(Stored records)

++++++++++++++++++++

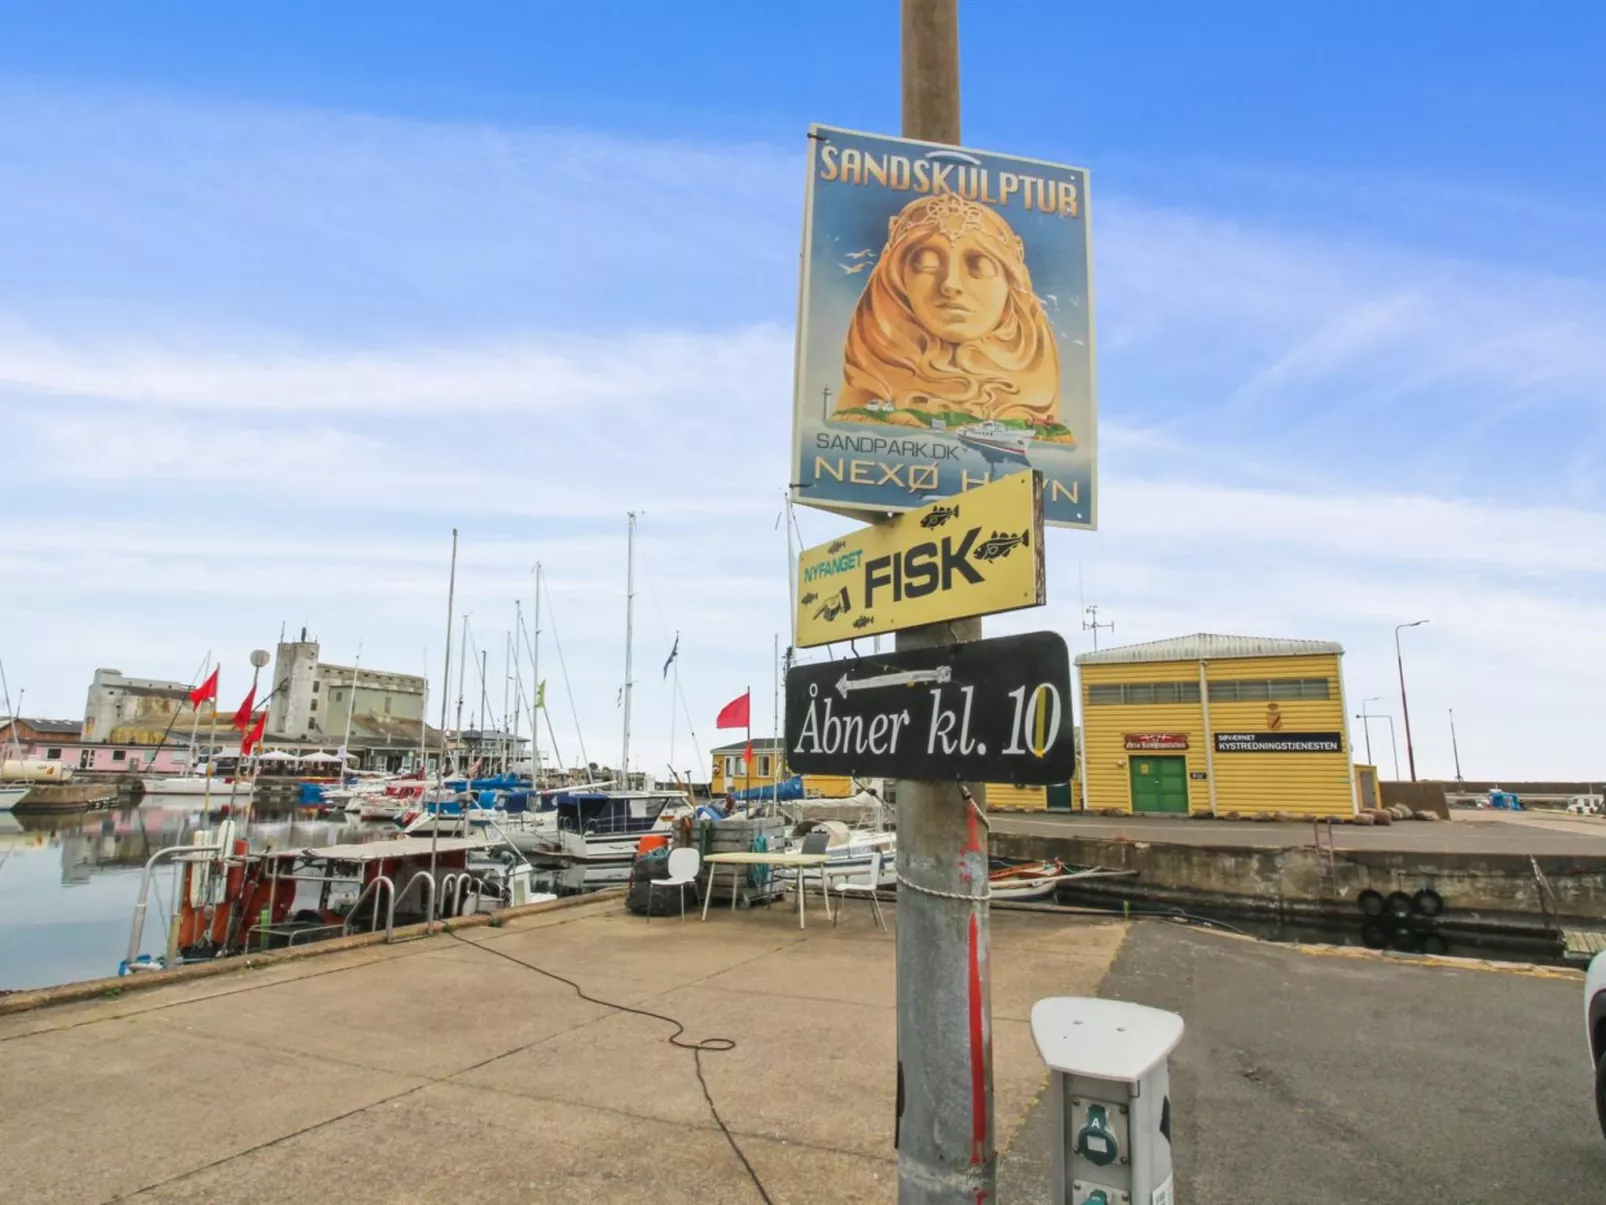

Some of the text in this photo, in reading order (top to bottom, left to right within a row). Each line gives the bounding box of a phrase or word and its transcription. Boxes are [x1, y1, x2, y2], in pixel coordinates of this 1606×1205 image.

[820, 145, 1079, 217] SANDSKULPTUR
[816, 433, 960, 462] SANDPARK.DK
[814, 456, 1079, 504] NEXØ HN
[804, 549, 863, 584] NYFANGET
[864, 526, 985, 609] FISK
[794, 682, 1062, 756] Åbner kl. 10

++++++++++++++++++++

• _Exercise requirements_
Your answer must be an exact repeat of all the records, minus the pictures.

• _Exercise answer_
Some of the text in this photo, in reading order (top to bottom, left to right within a row). Each line gives the bounding box of a phrase or word and its transcription. Boxes are [x1, y1, x2, y2], in pixel coordinates of this 1606×1205 image.

[820, 145, 1079, 217] SANDSKULPTUR
[816, 433, 960, 462] SANDPARK.DK
[814, 456, 1079, 504] NEXØ HN
[804, 549, 863, 584] NYFANGET
[864, 526, 985, 609] FISK
[794, 682, 1062, 756] Åbner kl. 10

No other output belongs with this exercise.